▸ **What you are asked to do**:
Copy the data that follows exactly as it is, excluding all pictures.

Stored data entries
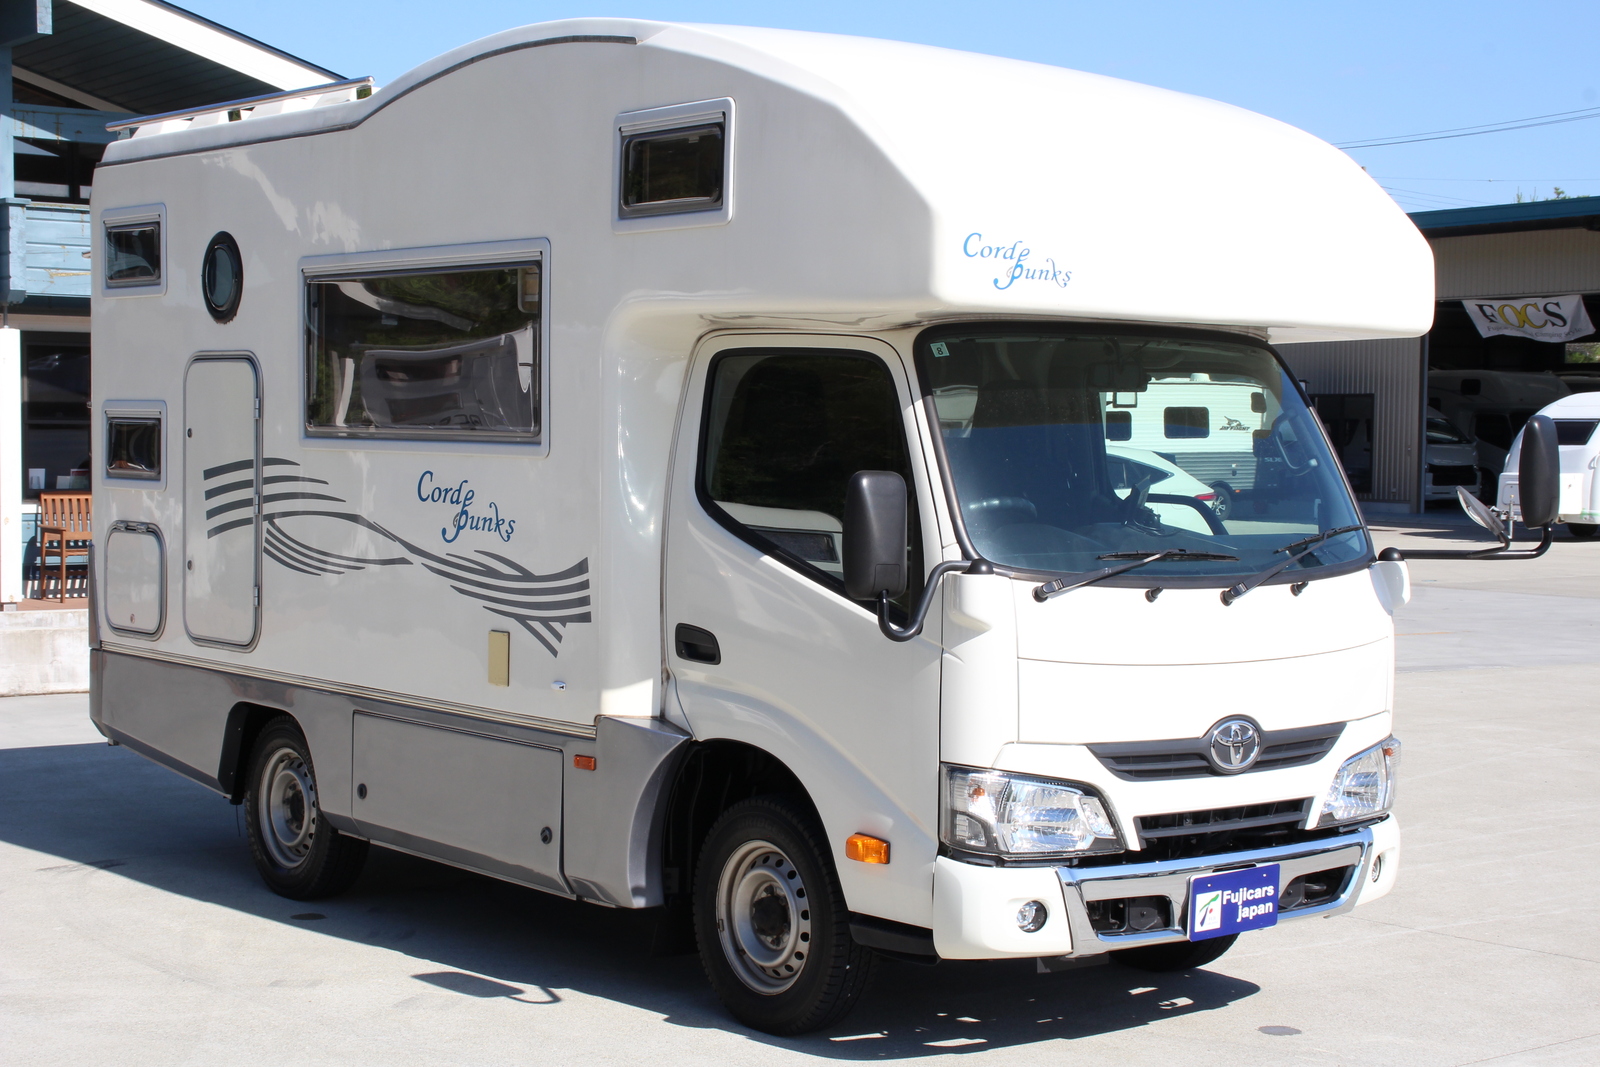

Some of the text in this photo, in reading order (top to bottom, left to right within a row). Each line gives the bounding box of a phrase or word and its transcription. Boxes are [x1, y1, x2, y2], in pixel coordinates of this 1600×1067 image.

[963, 232, 1030, 262] Corde
[1475, 301, 1567, 329] FOCS
[417, 470, 475, 506] Corde
[1222, 885, 1275, 906] Fujicars
[1236, 902, 1273, 922] japan
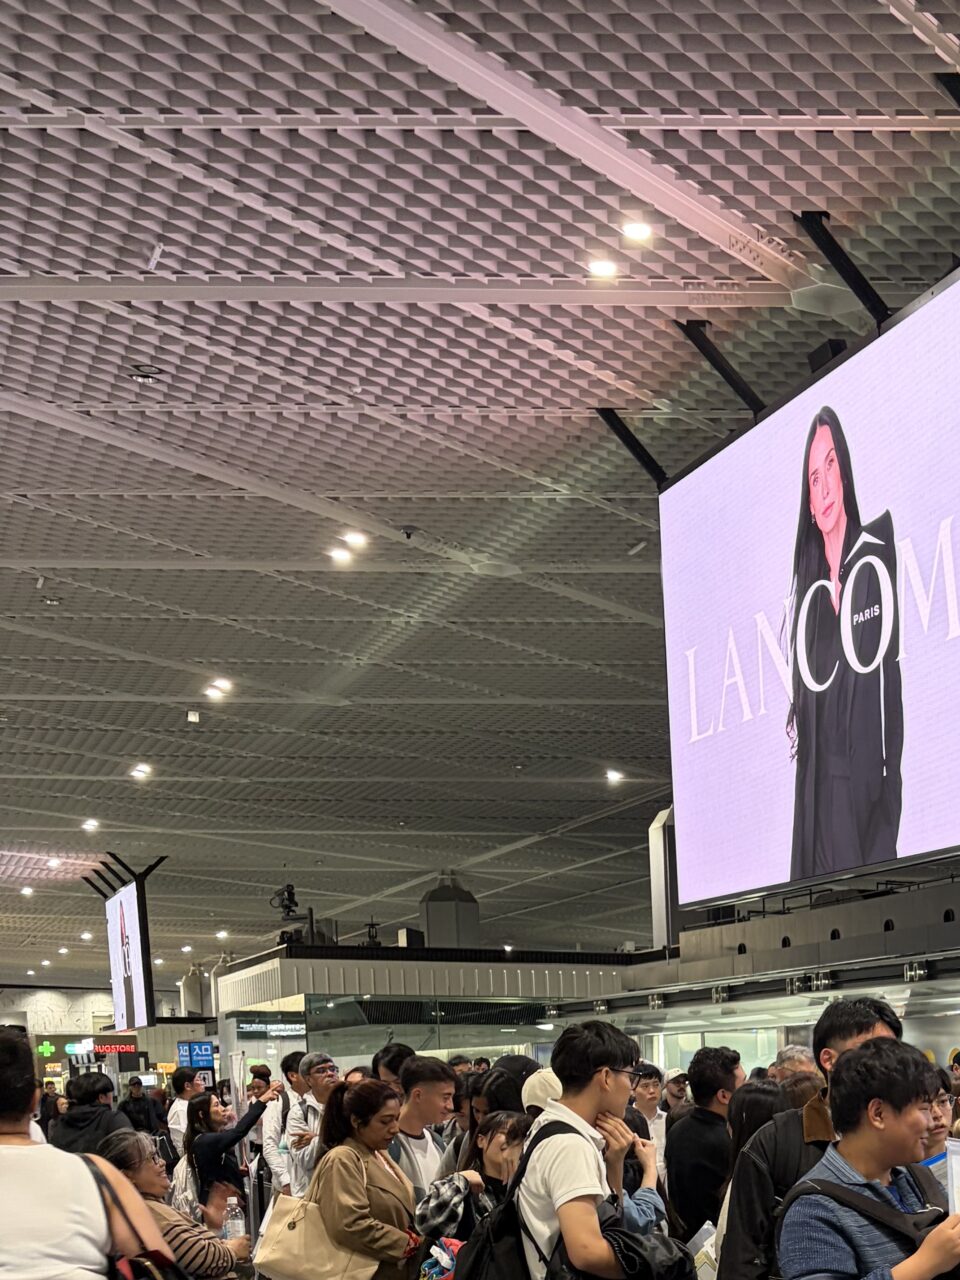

▸ **Task answer**:
Some of the text in this photo, in reading order (top to bottom, left to right within a row). Each line gives the bounding box of a phrase or word and its transcription. Boxes are [x1, y1, x2, y2], in pixel coordinates of this 1600×1067 image.

[963, 232, 1030, 262] Corde
[1475, 301, 1567, 329] FOCS
[417, 470, 475, 506] Corde
[1222, 885, 1275, 906] Fujicars
[1236, 902, 1273, 922] japan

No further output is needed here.